What is expected
What is needed here is each entry reproduced exactly, without its pictures.

[Dataset excerpts]

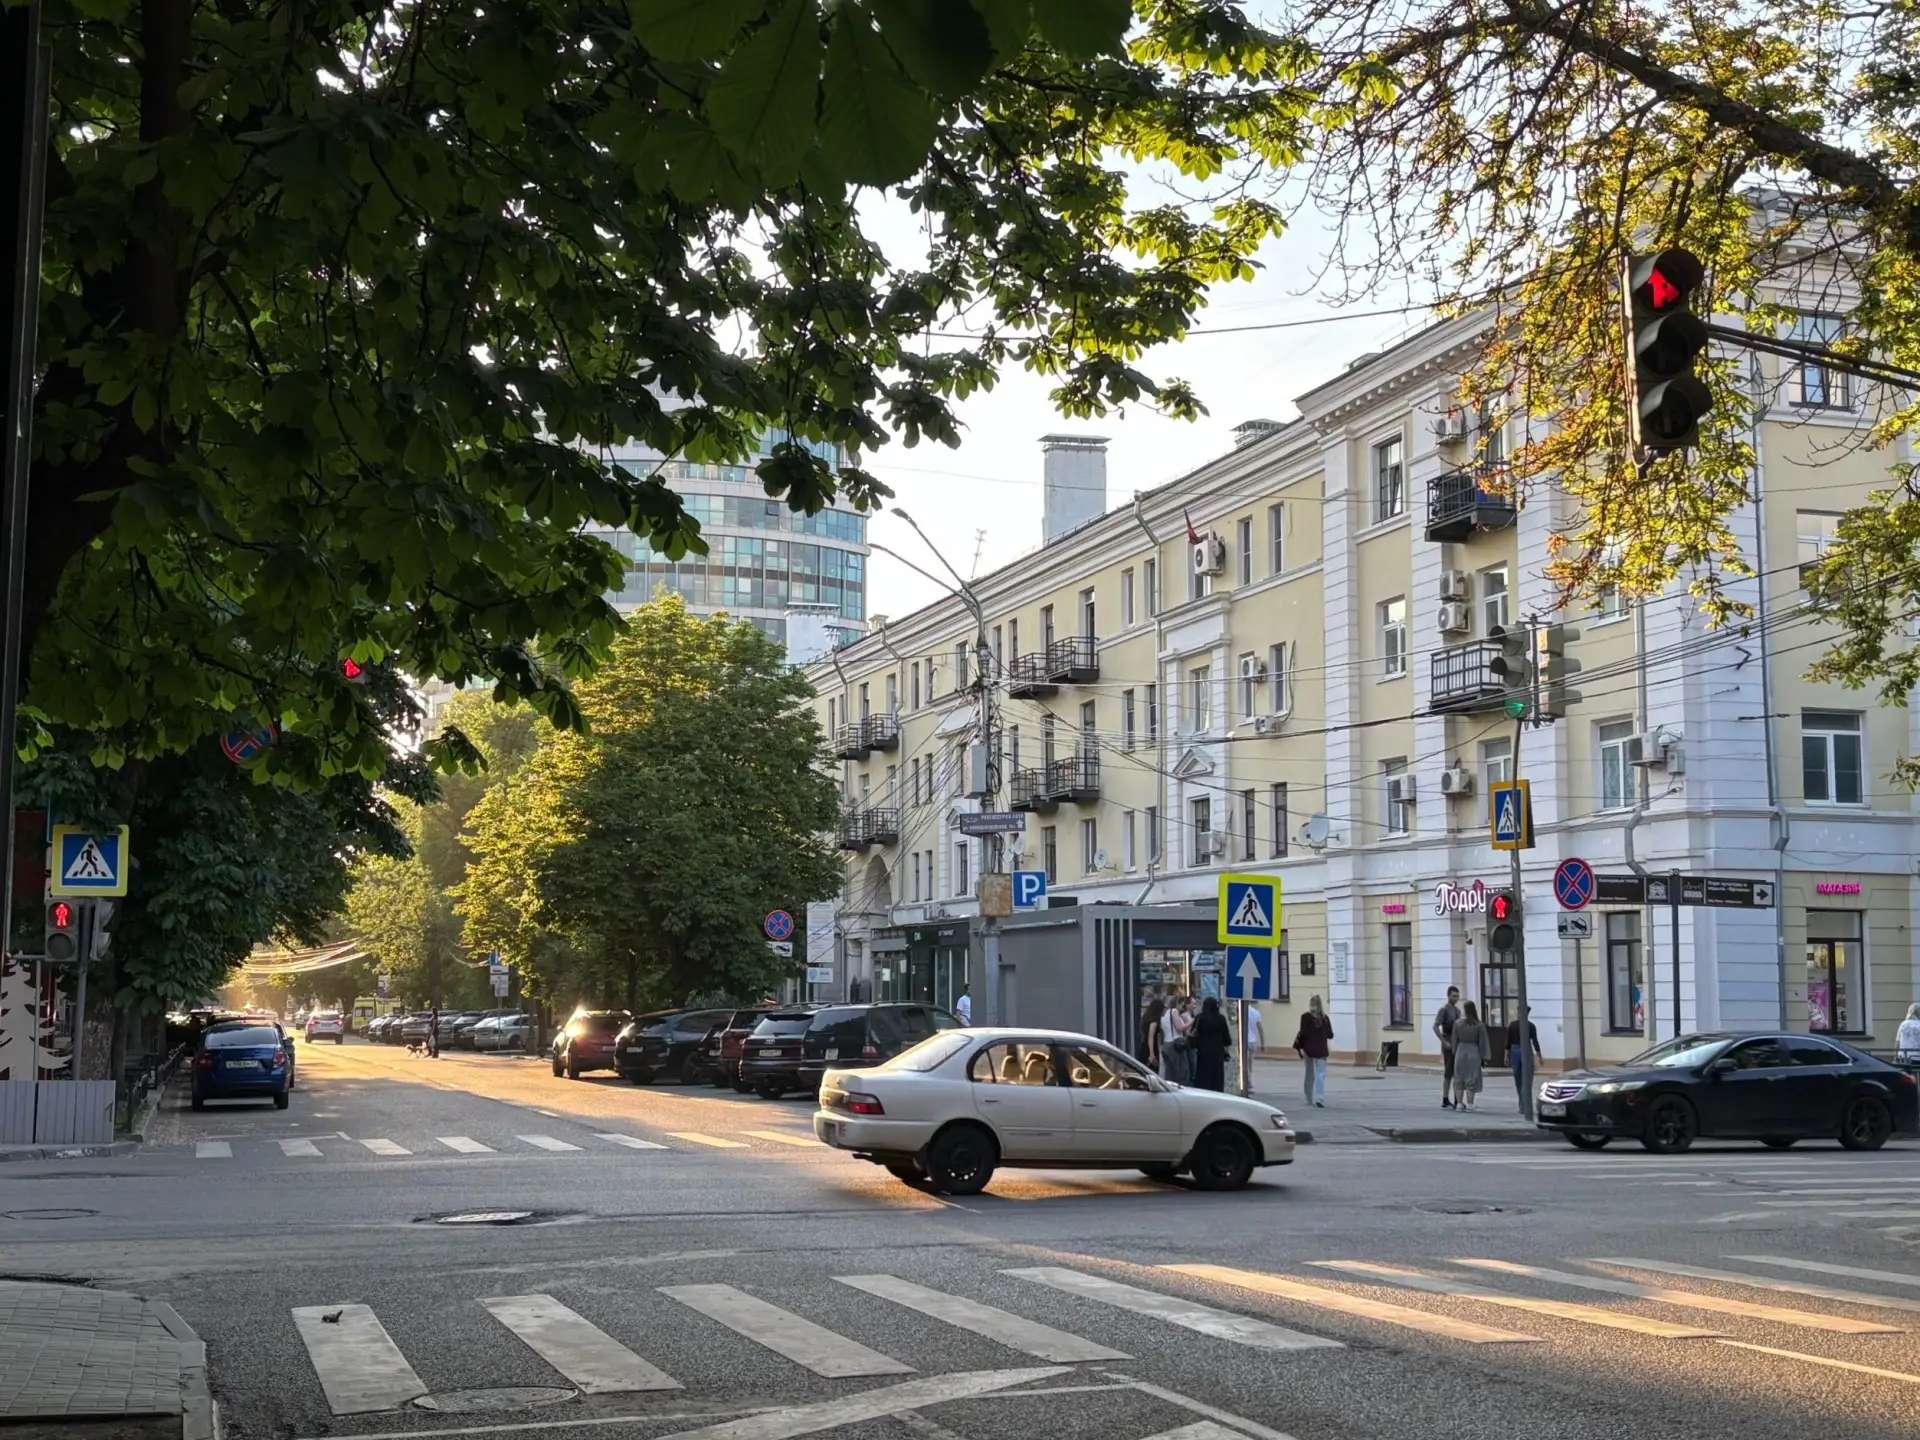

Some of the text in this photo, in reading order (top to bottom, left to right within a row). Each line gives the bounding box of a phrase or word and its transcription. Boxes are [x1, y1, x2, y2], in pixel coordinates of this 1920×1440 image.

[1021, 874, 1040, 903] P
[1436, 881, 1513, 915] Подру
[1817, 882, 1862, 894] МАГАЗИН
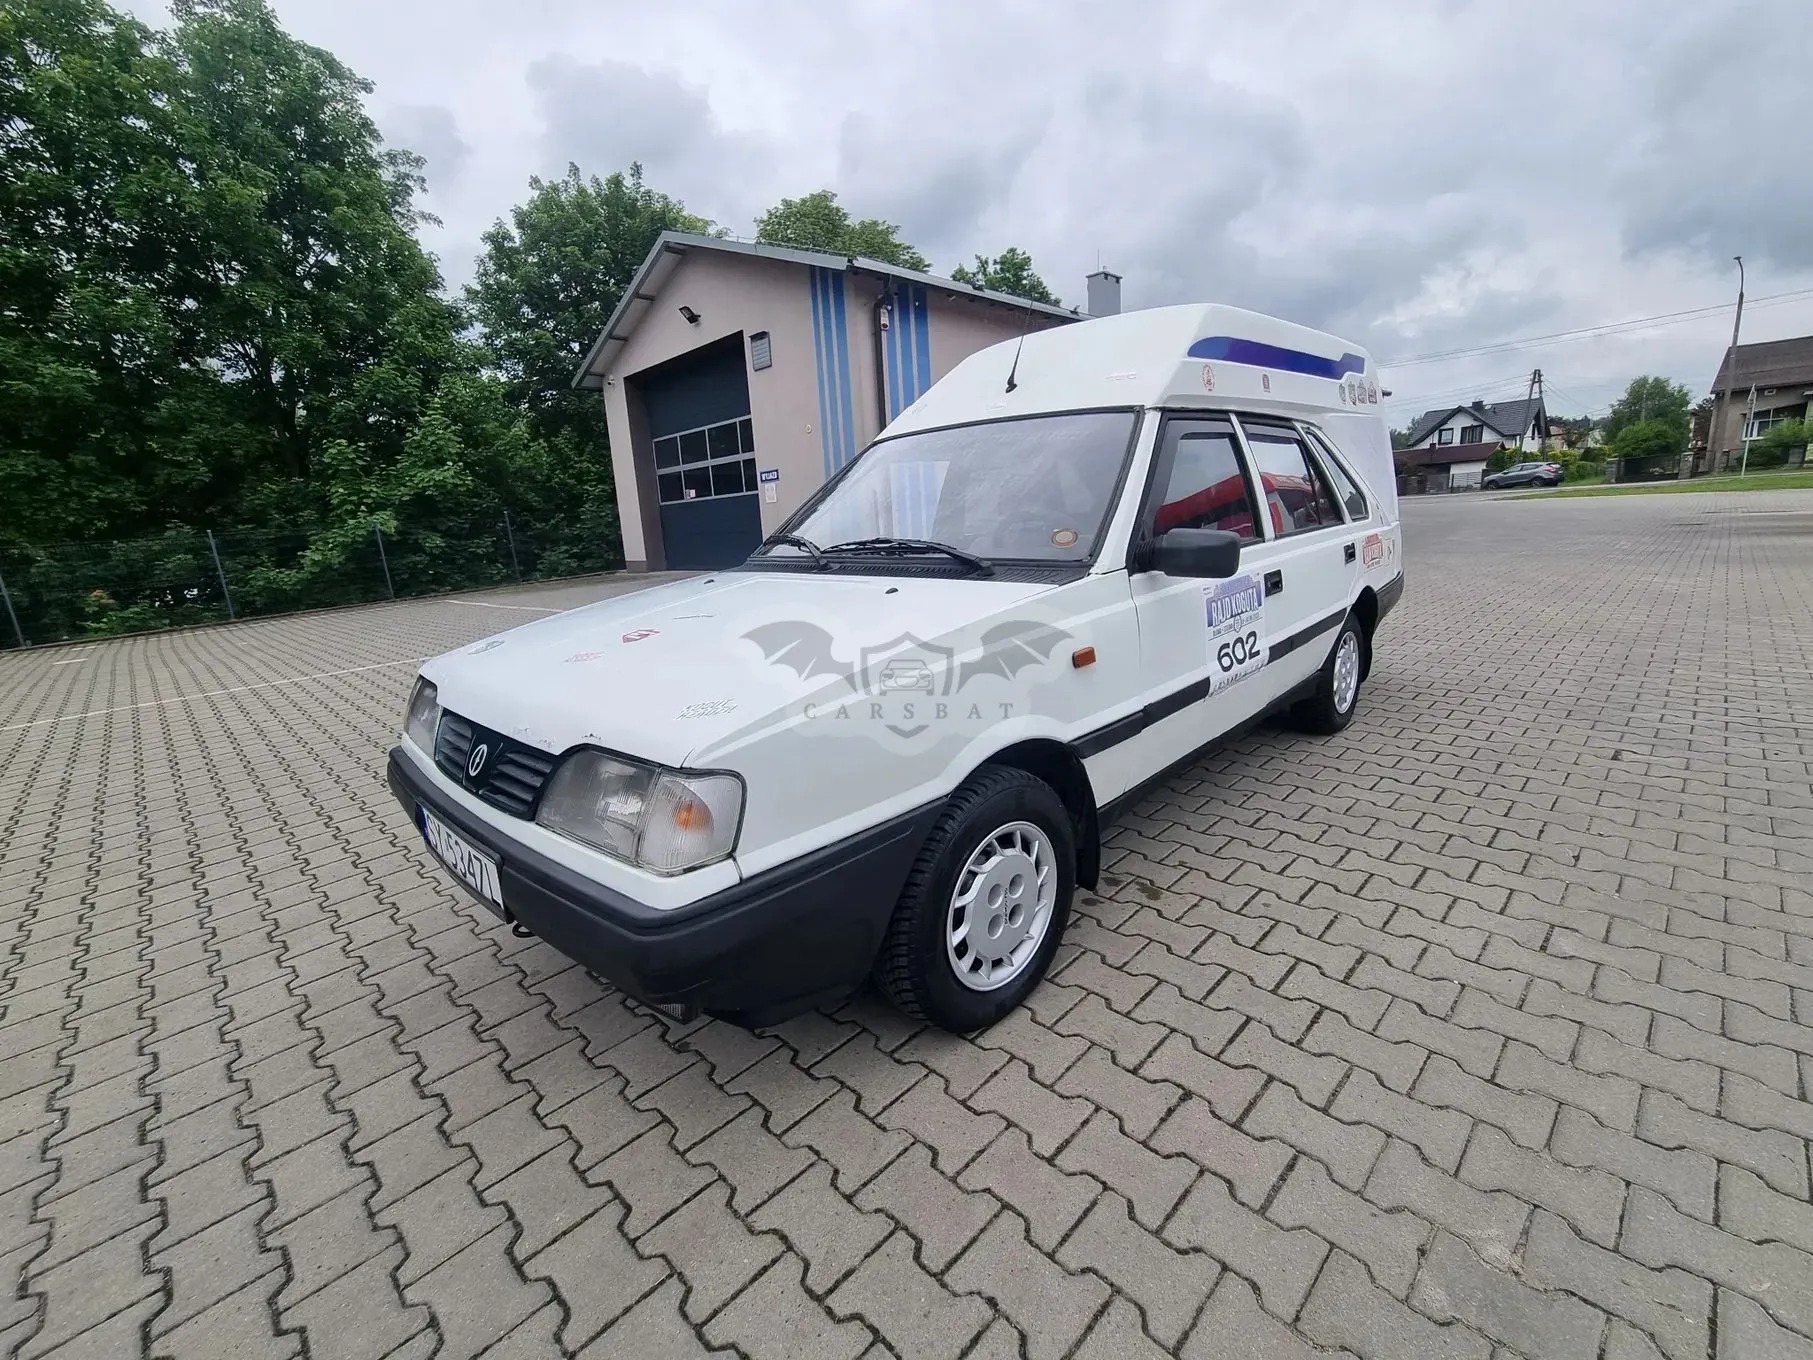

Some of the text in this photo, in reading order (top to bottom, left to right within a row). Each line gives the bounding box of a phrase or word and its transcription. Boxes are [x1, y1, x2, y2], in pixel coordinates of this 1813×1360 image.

Answer to this task
Some of the text in this photo, in reading order (top to bottom, left to right within a row). Each line gives the bounding box of a phrase or word and its transcription. Boxes are [x1, y1, x2, y2], in pixel coordinates of this 1920×1440 image.

[1021, 874, 1040, 903] P
[1436, 881, 1513, 915] Подру
[1817, 882, 1862, 894] МАГАЗИН

Some of the text in this photo, in reading order (top to bottom, left to right within a row). Each line gives the bounding box of a phrase or word and its transcription. Boxes are [x1, y1, x2, y2], in pixel coordinates of this 1813×1360 image.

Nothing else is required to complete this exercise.